Media Israel dalam beberapa hari terakhir ramai membahas sikap Hamas yang menyatakan persetujuan terhadap draf kesepakatan gencatan senjata. Channel 13 melaporkan, Hamas telah memberikan respons positif kepada mediator, namun Israel belum memberi jawaban resmi. Tekanan justru datang dari kubu ultranasionalis Ben-Gvir dan Smotrich agar Netanyahu menolak kesepakatan.
Channel Kan 11 bahkan mengutip pernyataan Smotrich kepada Netanyahu: “Jika kita berhenti sekarang, belum tentu dunia, termasuk Amerika Serikat, akan memberi lampu hijau bagi Israel untuk kembali melanjutkan perang.”
Nada serupa juga disuarakan anggota Knesset Simha Rothman dari Partai Zionisme Religius.
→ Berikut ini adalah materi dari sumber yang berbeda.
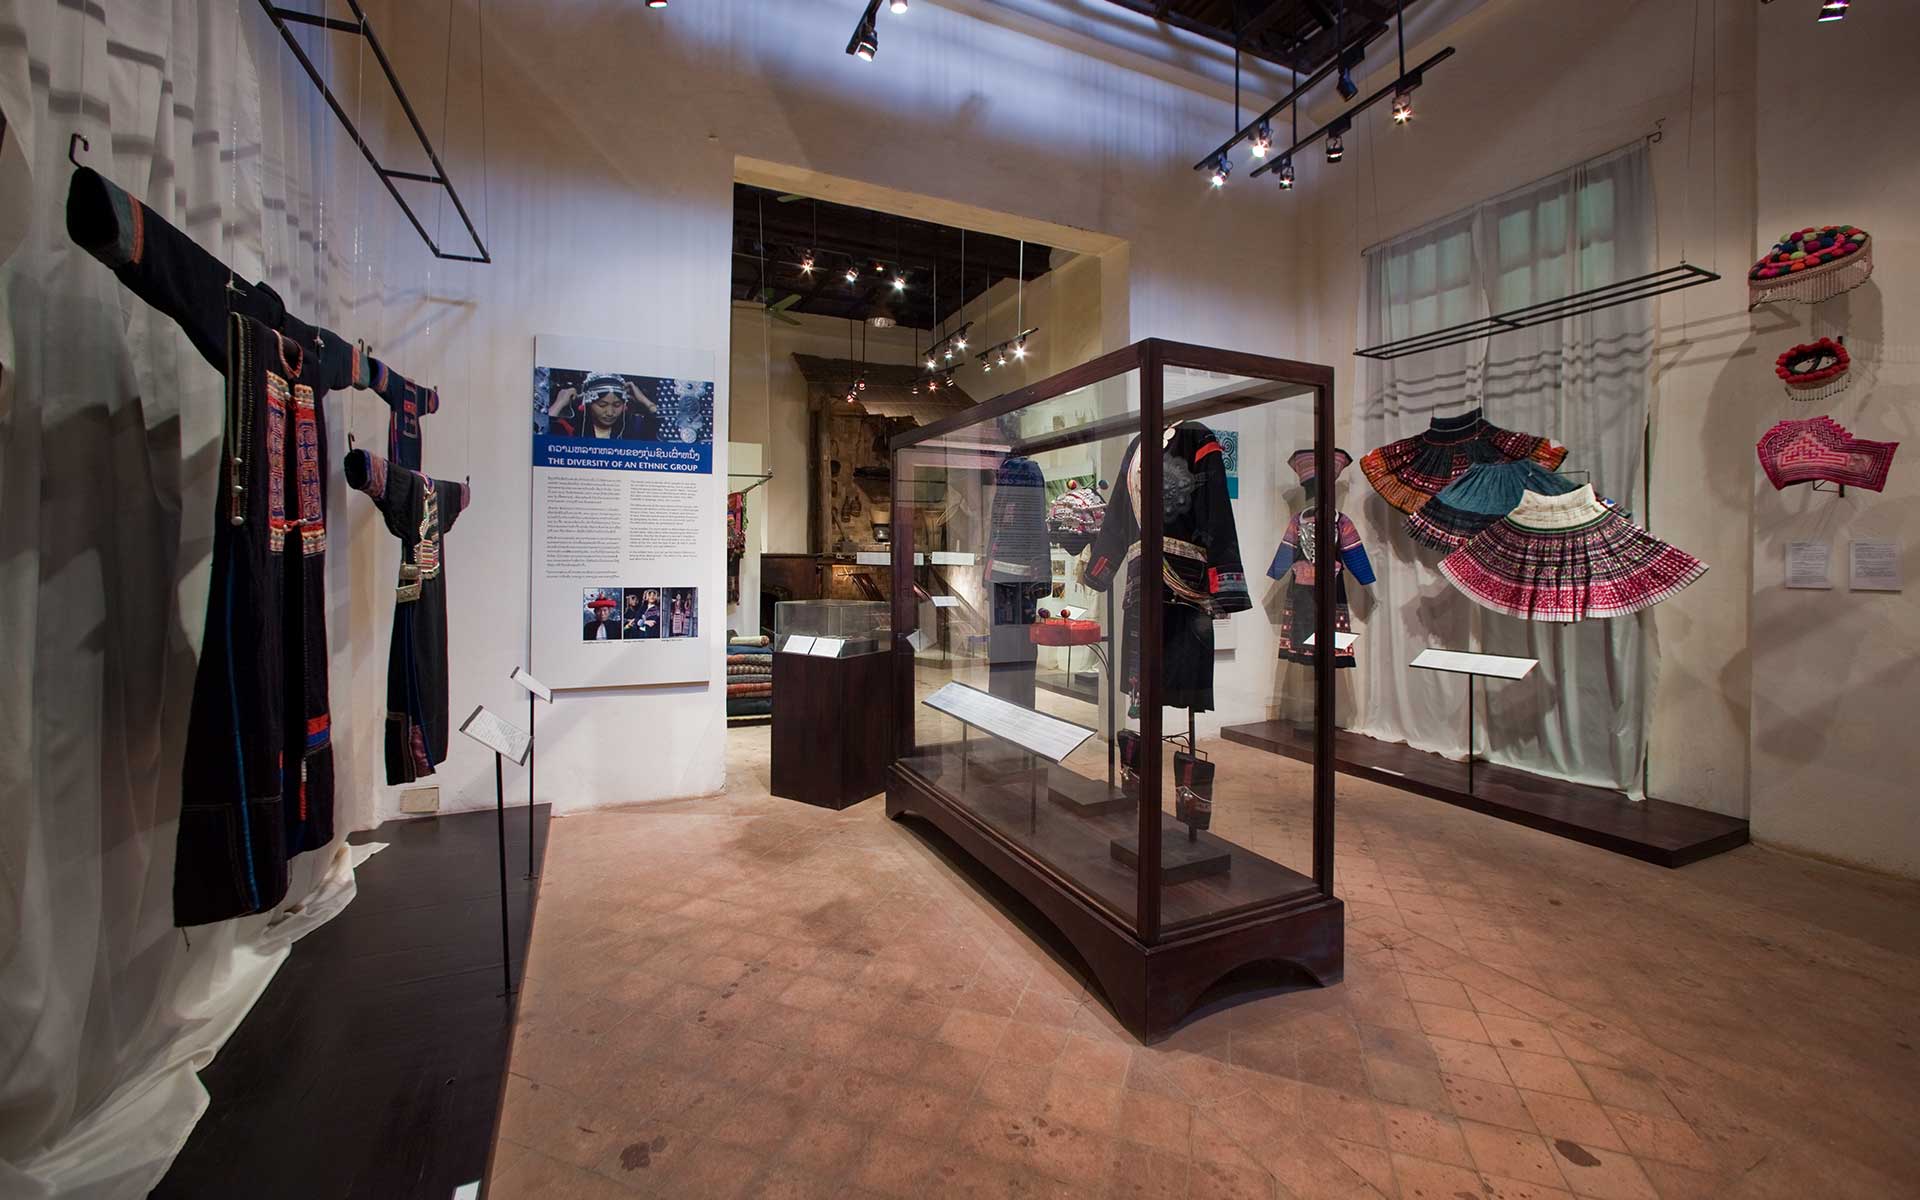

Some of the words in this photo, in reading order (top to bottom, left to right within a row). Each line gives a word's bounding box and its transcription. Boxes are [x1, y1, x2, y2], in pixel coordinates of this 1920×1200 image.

[548, 457, 565, 465] THE
[567, 458, 609, 467] DIVERSITY
[611, 460, 623, 468] OF
[639, 462, 669, 470] ETHNIC
[670, 463, 698, 472] GROUP
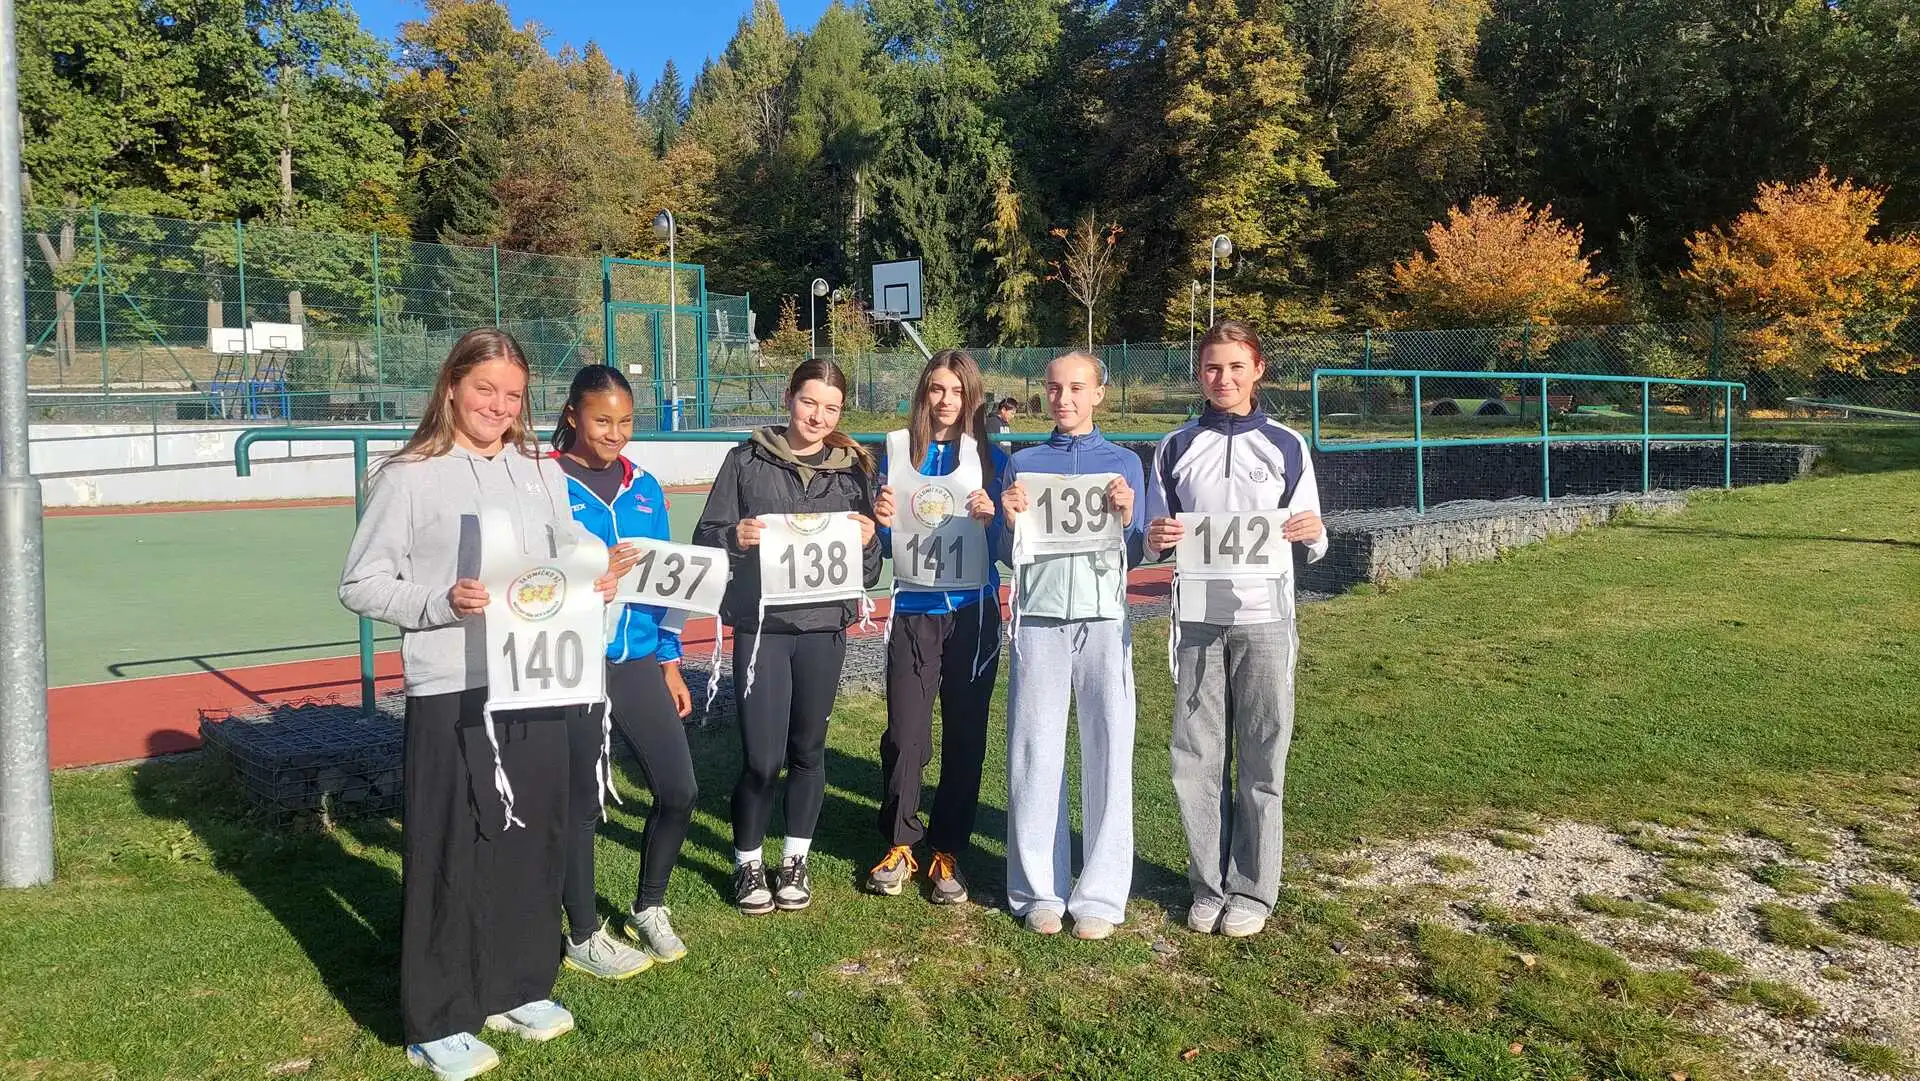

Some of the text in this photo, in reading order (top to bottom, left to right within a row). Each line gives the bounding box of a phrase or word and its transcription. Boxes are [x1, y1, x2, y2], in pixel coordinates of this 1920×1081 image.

[1037, 486, 1108, 534] 139
[780, 540, 848, 589] 138
[906, 533, 963, 579] 141
[1195, 516, 1270, 565] 142
[635, 549, 712, 600] 137
[502, 630, 584, 691] 140
Ia menolak kesepakatan karena menurutnya “tak masuk akal secara moral” jika masih ada tawanan Israel yang tertinggal.
Antara Kepentingan Politik dan Nyawa Sandera
Yair Golan, ketua oposisi dari Partai Demokrat, menegaskan bahwa jika pemerintah Israel sungguh-sungguh ingin membebaskan sandera, kesempatan itu sudah berkali-kali ada. “Netanyahu harus jujur, ia tidak ingin membebaskan para sandera dan tidak ingin mengakhiri perang. Semua ini demi kepentingan politik internalnya, semata-mata untuk menjaga keutuhan koalisinya,” kata Golan dalam sebuah siaran Channel 13.
Analisis jurnalis politik Moriyah Asraf Wolberg dari Channel 13 menunjukkan perubahan retorika Netanyahu dalam tiga pekan terakhir. Ia kini menyebut hanya bersedia menerima “kesepakatan total,” yakni pembebasan semua sandera sekaligus. Namun, jurnalis internasional Channel 12, Keren Betzalel, menilai bahwa opsi tahap demi tahap tetap mungkin dilakukan dan justru bisa membuka jalan menuju akhir perang.
Kritik Keras Keluarga Sandera
Tak hanya politisi, keluarga sandera juga menuduh Netanyahu menipu publik. Einav Tzengauker, ibu salah seorang tawanan di Gaza, menegaskan: “Netanyahu berbohong secara terang-terangan. Ia mengatakan siap pada kesepakatan total, tapi kenyataannya ia sengaja membuat syarat-syarat yang mustahil demi menggagalkan kesepakatan.”
Hamas Menolak Menyerah
Gershon Baskin, negosiator veteran yang 18 tahun menjadi penghubung dengan Hamas, mengungkapkan bahwa Hamas sebelumnya bahkan siap menyerahkan kekuasaan di Gaza dalam kerangka kesepakatan besar yang mengakhiri perang sekaligus membebaskan semua tawanan. Tetapi Israel tidak pernah benar-benar menyambut tawaran itu.
Menurut Baskin, ketika Netanyahu berbicara soal “kesepakatan total,” yang ia maksud sebenarnya adalah menunggu hingga Hamas kalah total. “Namun Hamas tidak akan menyerah, tidak kepada Israel, tidak kepada siapa pun,” tegasnya.
Di balik retorika Netanyahu, jelas Baskin, berdiri agenda Ben-Gvir dan Smotrich: menduduki seluruh Gaza dan memaksakan pengusiran massal warganya.